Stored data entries
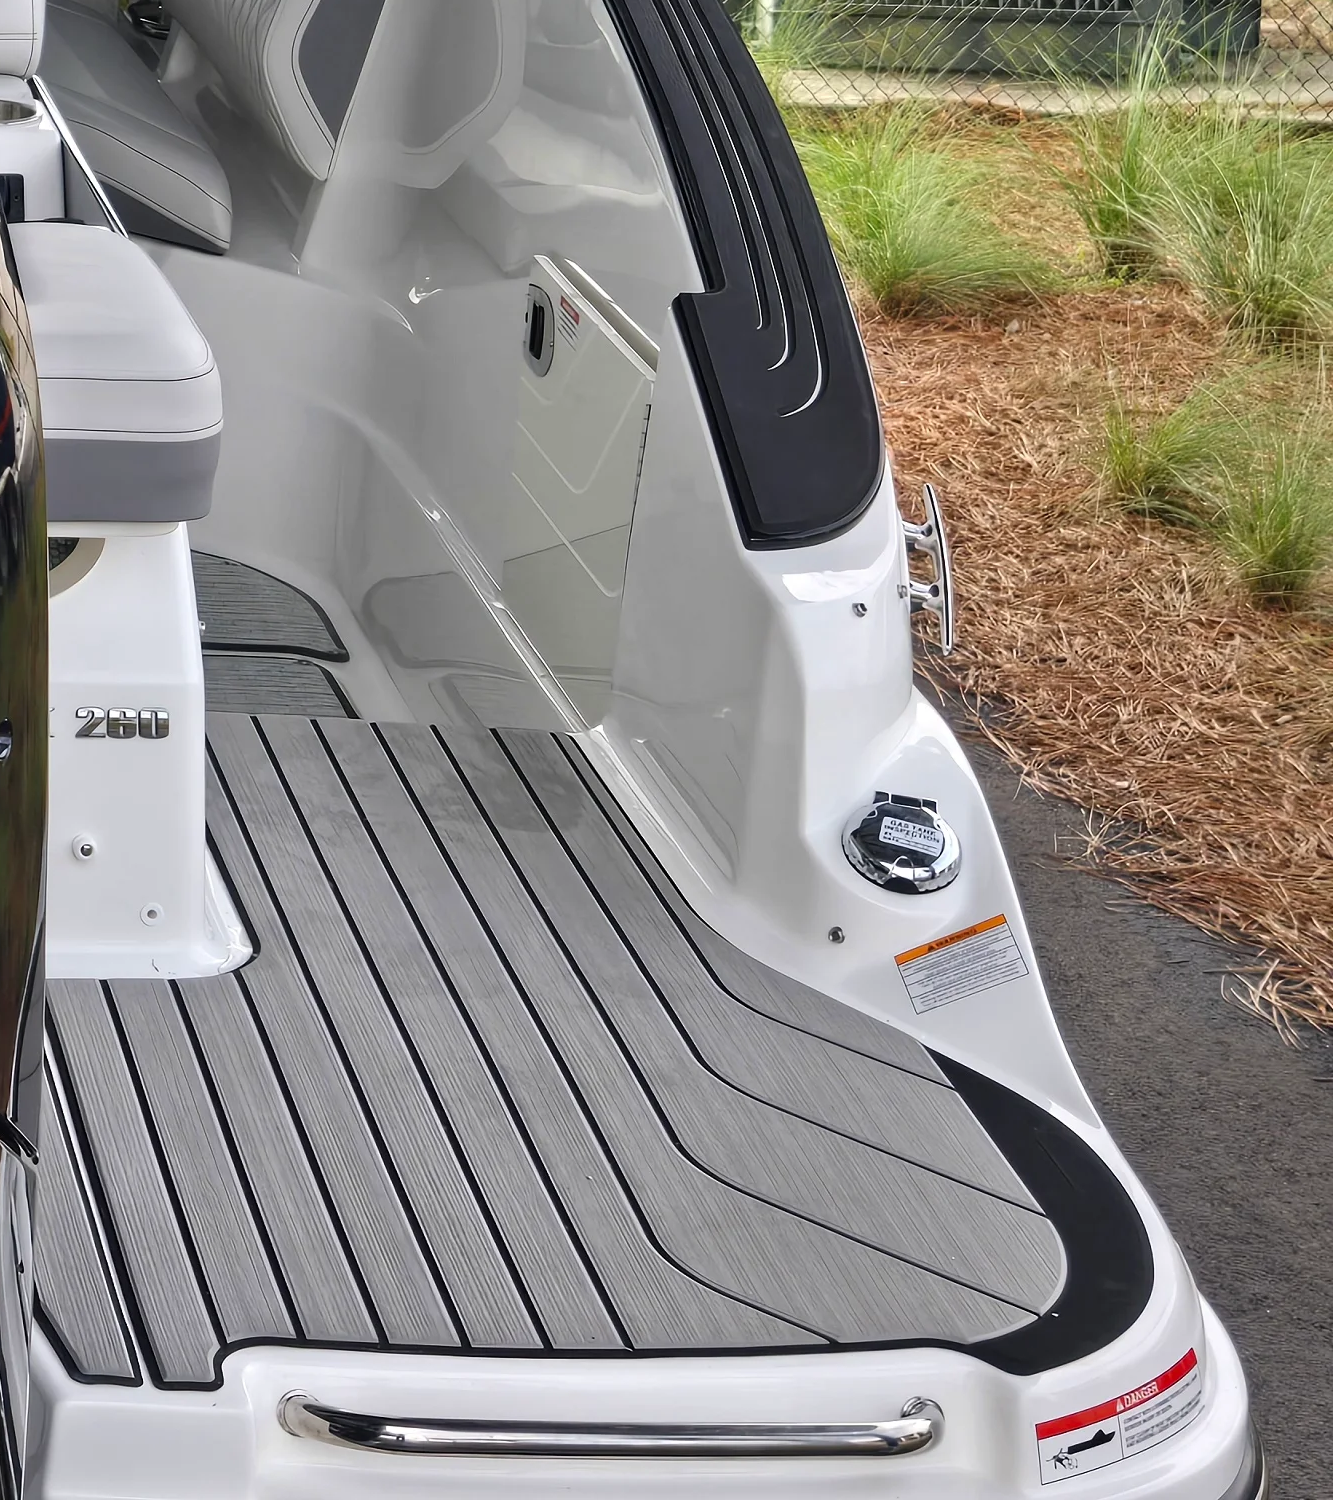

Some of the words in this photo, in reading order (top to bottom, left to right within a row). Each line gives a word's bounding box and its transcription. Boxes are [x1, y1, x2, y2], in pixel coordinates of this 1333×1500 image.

[74, 706, 171, 739] 260
[890, 819, 909, 829] GAS
[1123, 1381, 1159, 1407] DANGER
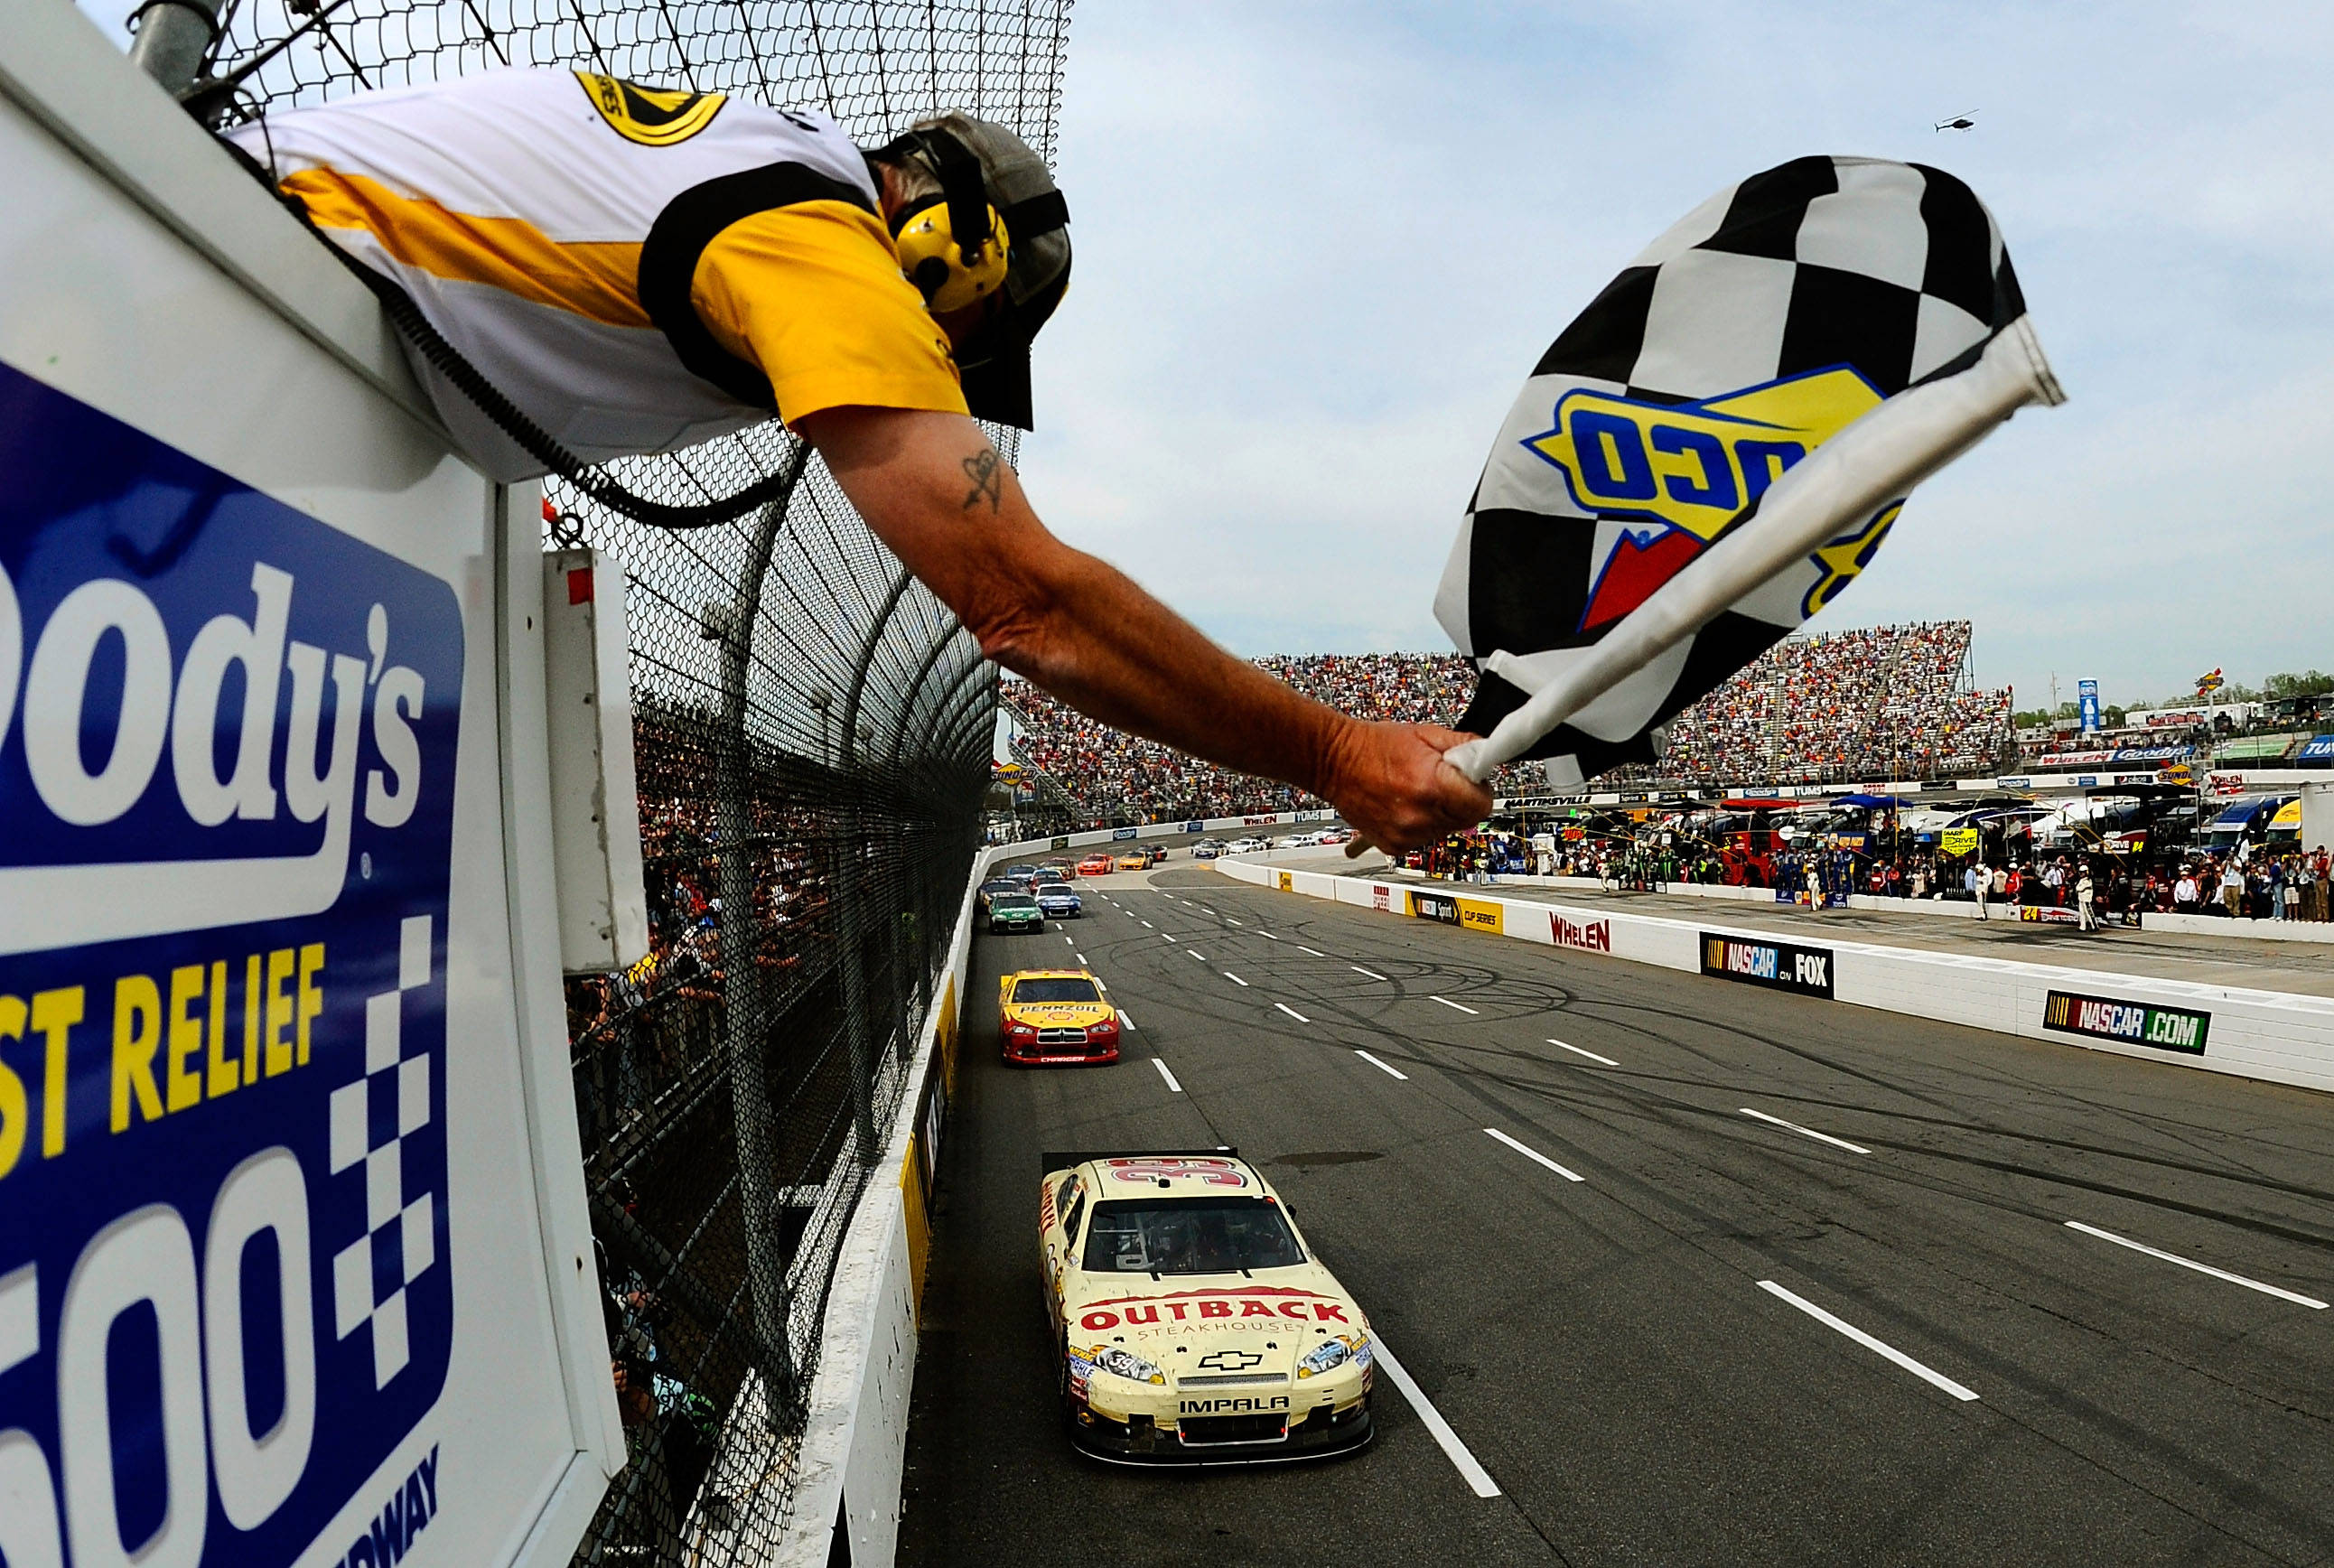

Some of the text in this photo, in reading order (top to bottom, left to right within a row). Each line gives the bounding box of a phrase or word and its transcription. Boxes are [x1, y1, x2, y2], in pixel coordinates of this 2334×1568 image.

[0, 560, 425, 914] ody's
[2306, 742, 2334, 755] TUM
[2161, 770, 2193, 779] SUNO
[1795, 786, 1823, 796] TUMS
[1243, 815, 1277, 826] WHELEN
[1296, 812, 1321, 822] TUMS
[2023, 906, 2039, 920] 24
[1548, 910, 1610, 952] WHELEN
[1727, 943, 1776, 979] NASCAR
[1795, 953, 1827, 987] FOX
[1020, 1004, 1099, 1013] PENNZOIL
[0, 942, 326, 1180] ST RELIEF
[1080, 1300, 1349, 1330] OUTBACK
[1137, 1322, 1295, 1341] STEAKHOUSE
[1108, 1354, 1135, 1370] 39
[1179, 1395, 1291, 1414] IMPALA

What the task asks
The data above needs to be retyped exactly, with the images left out.

Output of the exercise
Some of the words in this photo, in reading order (top to bottom, left to right within a row). Each line gives a word's bounding box and its transcription. Boxes are [x1, y1, x2, y2], in pixel coordinates of this 1333×1500 image.

[74, 706, 171, 739] 260
[890, 819, 909, 829] GAS
[1123, 1381, 1159, 1407] DANGER

Some of the text in this photo, in reading order (top to bottom, left to right within a row). Each line gives the bounding box of a phrase or word and its transcription. Boxes are [x1, y1, x2, y2], in pixel coordinates of this 2334×1568 image.

[0, 560, 425, 914] ody's
[2306, 742, 2334, 755] TUM
[2161, 770, 2193, 779] SUNO
[1795, 786, 1823, 796] TUMS
[1243, 815, 1277, 826] WHELEN
[1296, 812, 1321, 822] TUMS
[2023, 906, 2039, 920] 24
[1548, 910, 1610, 952] WHELEN
[1727, 943, 1776, 979] NASCAR
[1795, 953, 1827, 987] FOX
[1020, 1004, 1099, 1013] PENNZOIL
[0, 942, 326, 1180] ST RELIEF
[1080, 1300, 1349, 1330] OUTBACK
[1137, 1322, 1295, 1341] STEAKHOUSE
[1108, 1354, 1135, 1370] 39
[1179, 1395, 1291, 1414] IMPALA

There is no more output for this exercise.